The latest study, published in the open-access journal BMJ Medicine, instead used a technique known as Mendelian randomisation, which uses genetic evidence in support of a causal effect.
Exploring caffeine metabolism
The researchers examined the role of two common gene variants – which by definition are randomly allocated at birth – associated with the speed of caffeine metabolism.
People who carry genetic variants associated with slower caffeine metabolism drink less coffee on average but have higher levels of caffeine in their blood than those who metabolise it quickly.
The researchers used these variants to determine “genetically predicted” blood caffeine levels among nearly 10,000 people who took part in six long-term studies.
They found that higher blood caffeine levels were associated with both lower body mass index (BMI) and a reduced risk of type 2 diabetes.
“It’s small, lifelong effects,” Dipender Gill, a senior author of the study, told Euronews Next.
Caffeine is known to boost metabolism, increase fat burning and reduce appetite, with a daily intake of 100 mg estimated to increase energy expenditure by around 100 calories a day.
The researchers further used Mendelian randomisation to pinpoint the extent to which the effect of blood caffeine levels on type 2 diabetes risk might be driven by the concurrent weight loss – and found it accounted for nearly half of it (43 per cent).
What does this mean for coffee addicts?
If you feel you have to guzzle down way too many cups of coffee to function each day, this might mean that your caffeine metabolism is of the faster type – so the levels of caffeine in your blood wear off quickly and you need to refuel often to sustain them and feel the benefit.
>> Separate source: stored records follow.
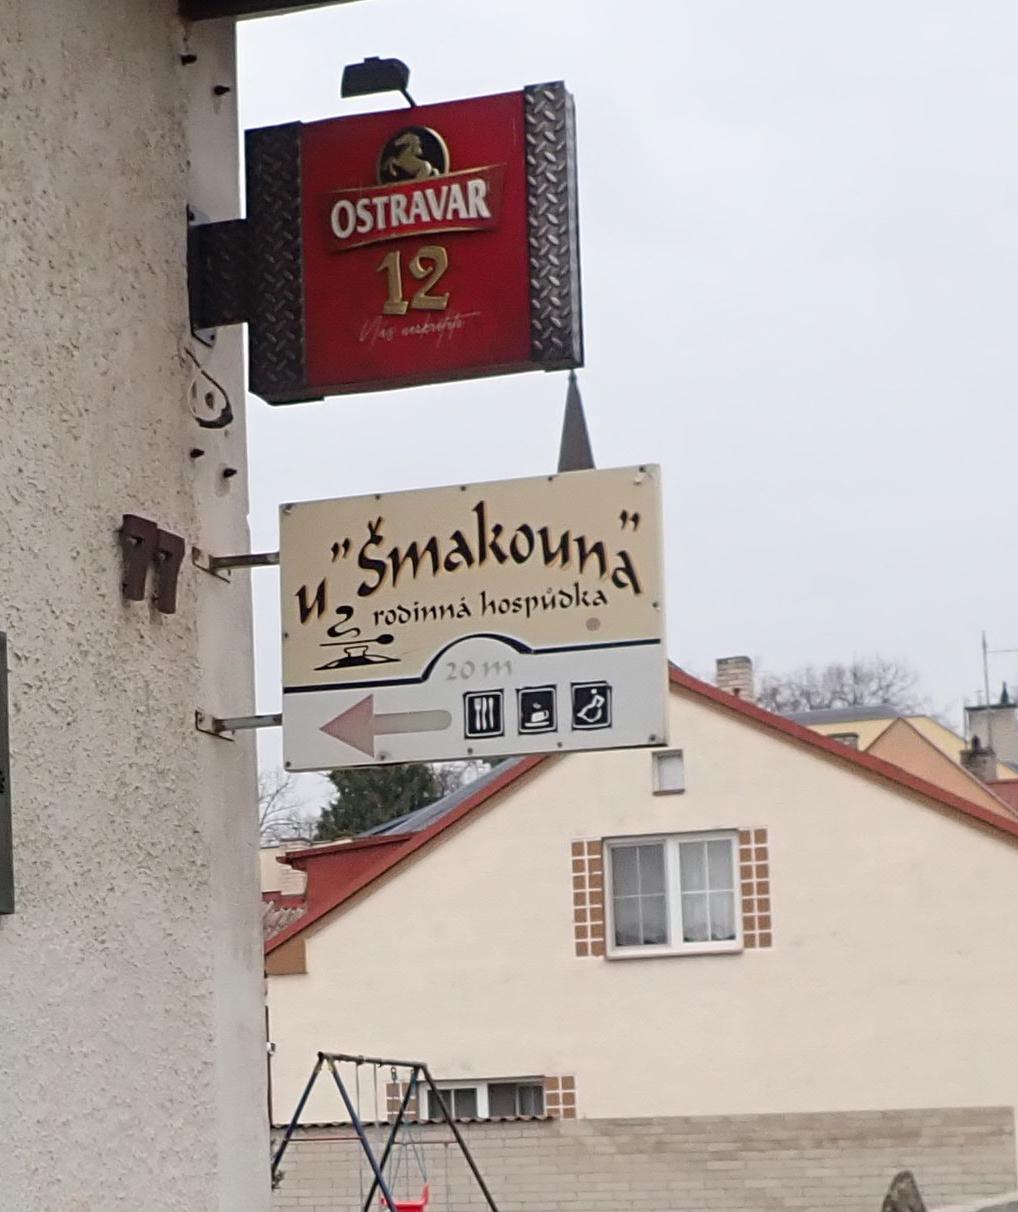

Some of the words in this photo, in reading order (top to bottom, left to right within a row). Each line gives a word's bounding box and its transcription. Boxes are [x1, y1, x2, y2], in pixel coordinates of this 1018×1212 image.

[331, 178, 491, 239] OSTRAVAR
[376, 245, 449, 315] 12
[373, 597, 471, 626] rodinná
[480, 582, 608, 618] hospůdka
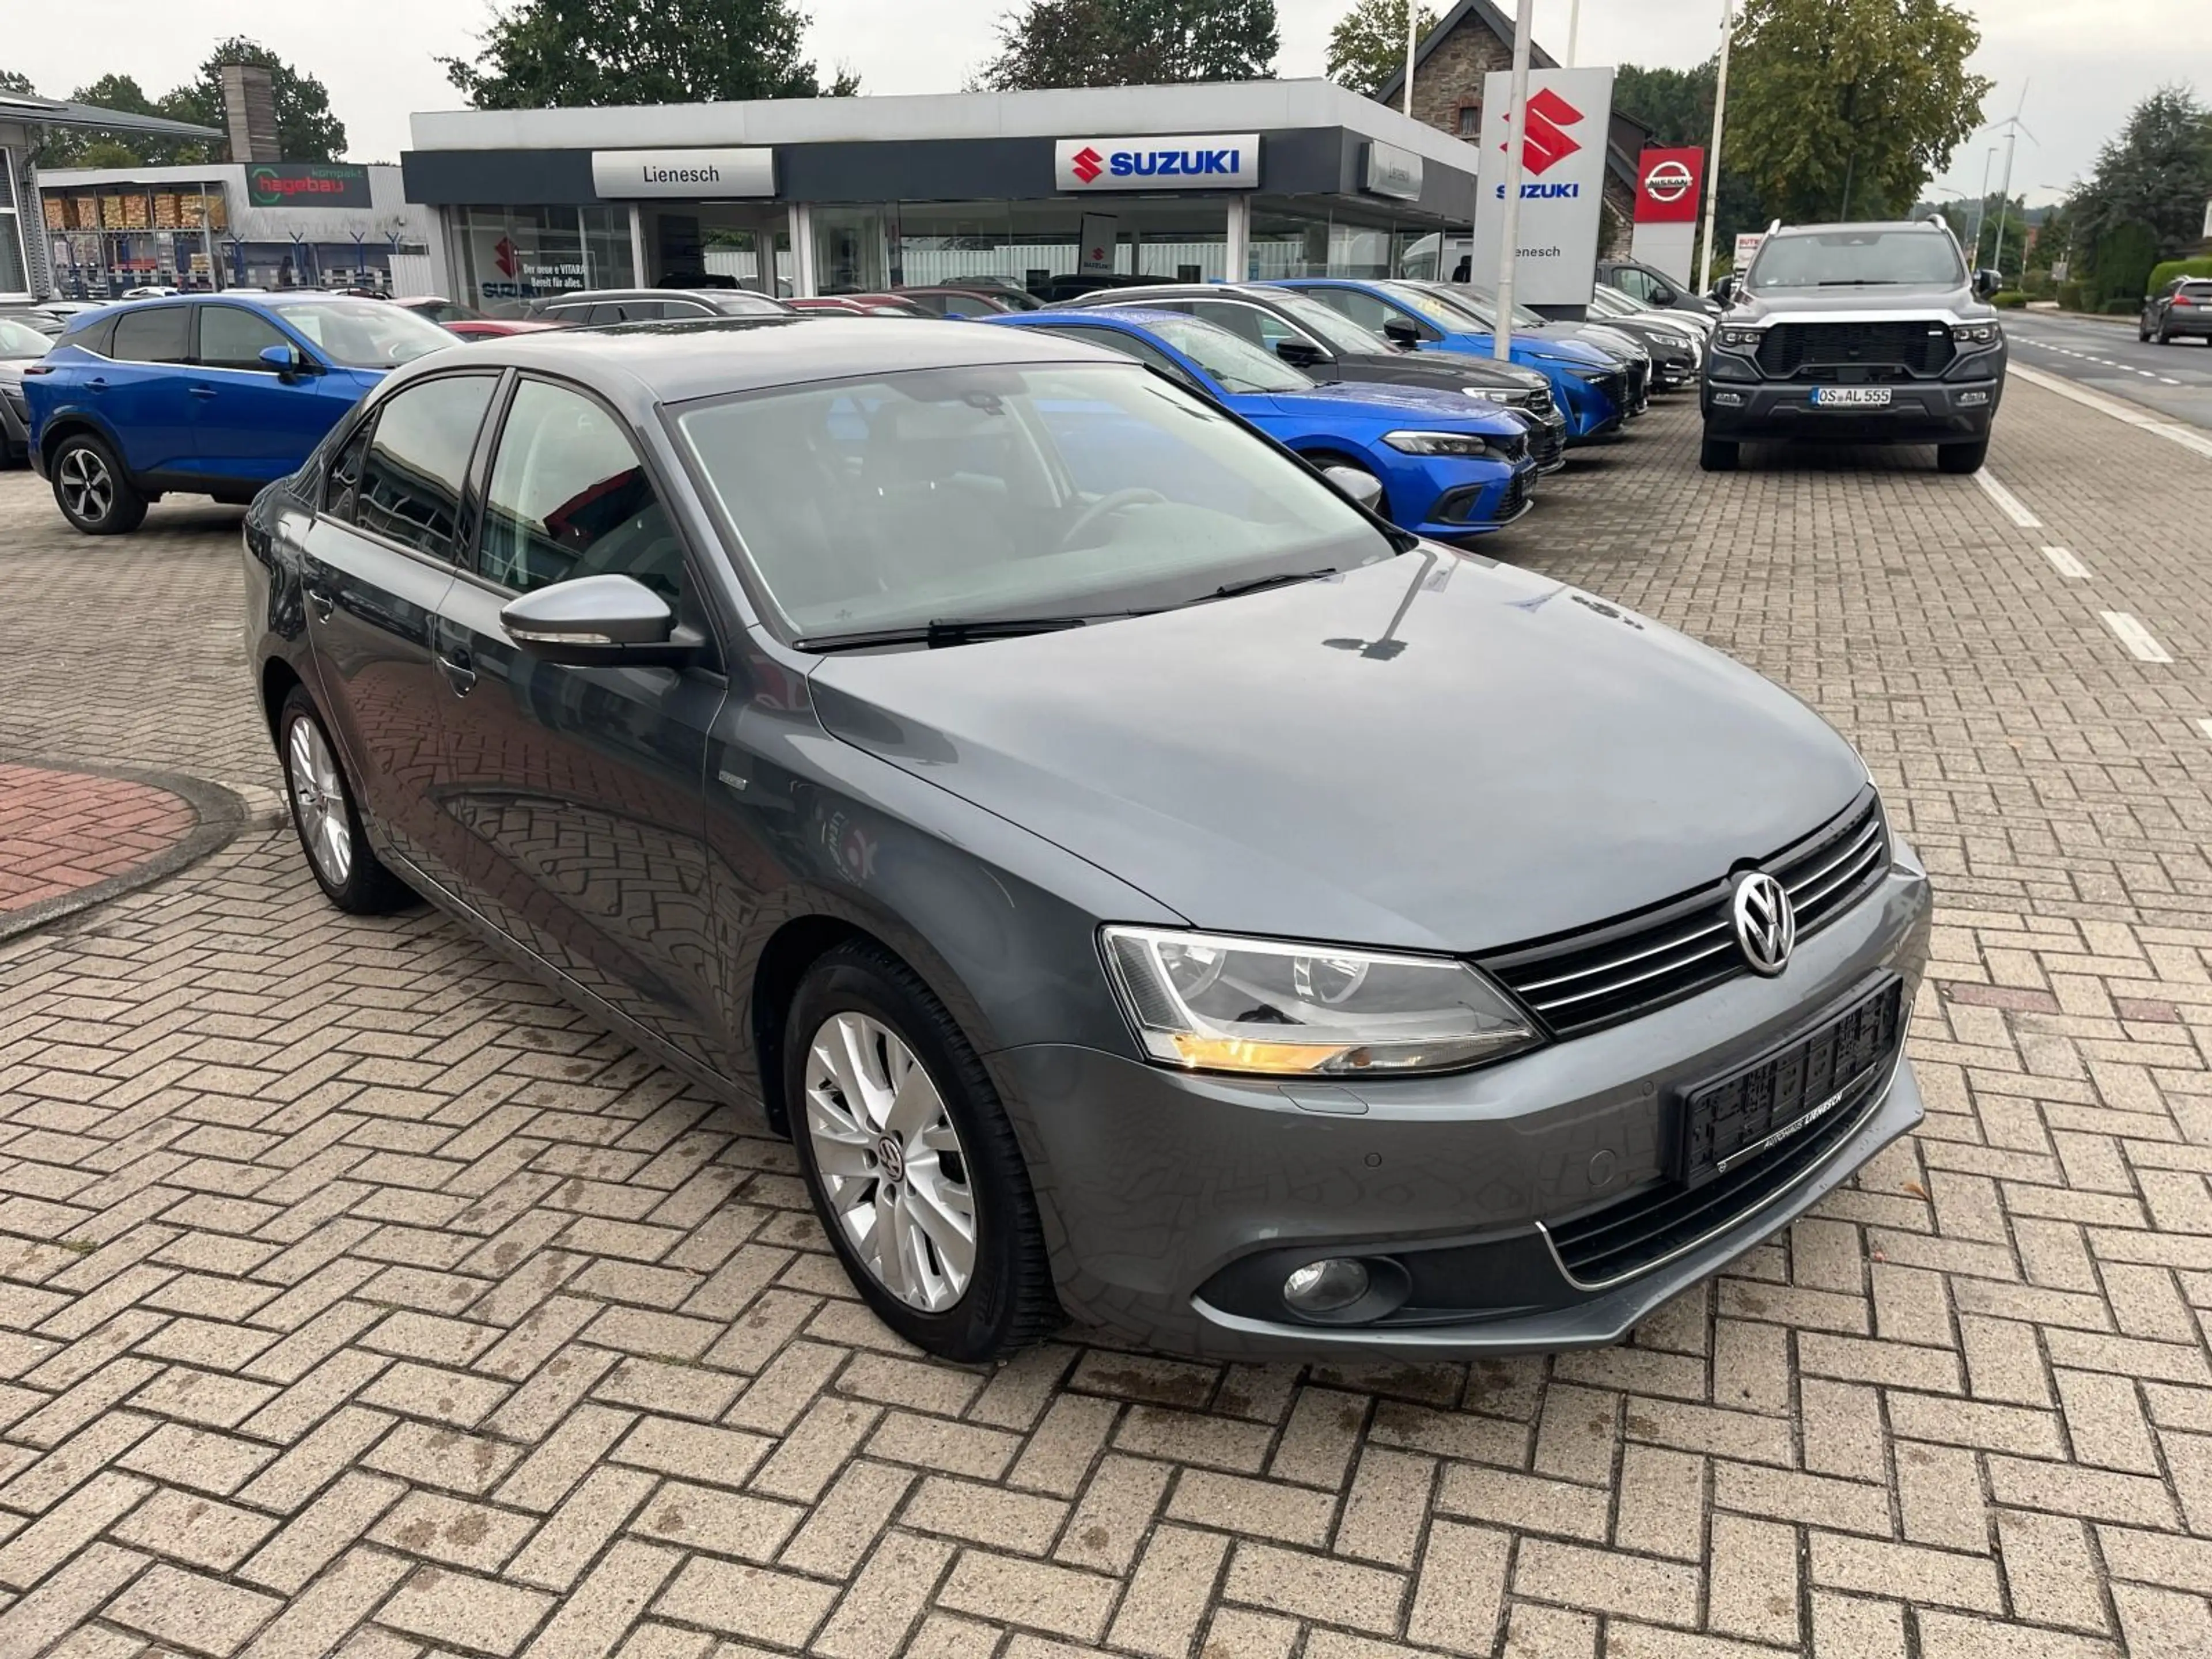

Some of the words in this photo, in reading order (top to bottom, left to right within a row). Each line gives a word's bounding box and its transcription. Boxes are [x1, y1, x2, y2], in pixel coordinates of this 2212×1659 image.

[1110, 150, 1239, 176] SUZUKI
[312, 168, 365, 179] kompakt
[643, 165, 719, 182] Lienesch
[260, 175, 344, 195] hagebau
[1648, 179, 1687, 187] NISSAN
[1496, 184, 1578, 199] SZUKI
[1516, 246, 1560, 257] enesch
[560, 264, 586, 274] VITARA
[1819, 390, 1836, 402] OS
[1844, 390, 1862, 402] AL
[1865, 390, 1889, 402] 555
However, this study doesn’t say whether having a fast or slow caffeine metabolism puts you at greater risk of obesity or diabetes, Gill cautioned.
Dipender Gill
Study’s senior author
“At an individual level, the rate at which we metabolise caffeine has such a small impact on our body weight that it in itself doesn’t explain it. But the approach that we use helps infirm or support that there is an effect in large sample sizes,” he explained.
In other words, the study shows there is genetic evidence that higher caffeine levels in the blood reduce body weight and diabetes risk, but there’s not much we can take away from that finding at an individual level, and we certainly shouldn’t be changing our coffee-drinking habits based solely on this study.
“Individuals should not alter their dietary preferences or lifestyle based on the findings from this study alone, because as well as having potential beneficial effects, caffeine can also have harmful effects if consumed excessively,” Gill said.
The researchers are calling for more research into the benefits of calorie-free caffeinated drinks, to further isolate the effect of caffeine and dispel potential myths about coffee drinking.
“When people consume coffee, it’s unclear whether it’s the effect of caffeine in the coffee or the other things that are in coffee. And there are a lot of other chemicals in coffee too, including water – actually, just staying hydrated is good for people,” Gill explained.
One of the study’s limitations is that it looked at people of mostly European ancestry, and the researchers say that further clinical study is needed to validate and confirm their findings.
The gold standard would be a randomised clinical trial “looking at somehow therapeutically altering an individual’s plasma caffeine levels and the effects that has on various metabolic parameters,” said Gill.
“At the end of the day, it’s a drug, right? So you could alter someone’s plasma levels of that drug [caffeine] by any means that you might otherwise administer a drug – so, as a tablet, as an injection”.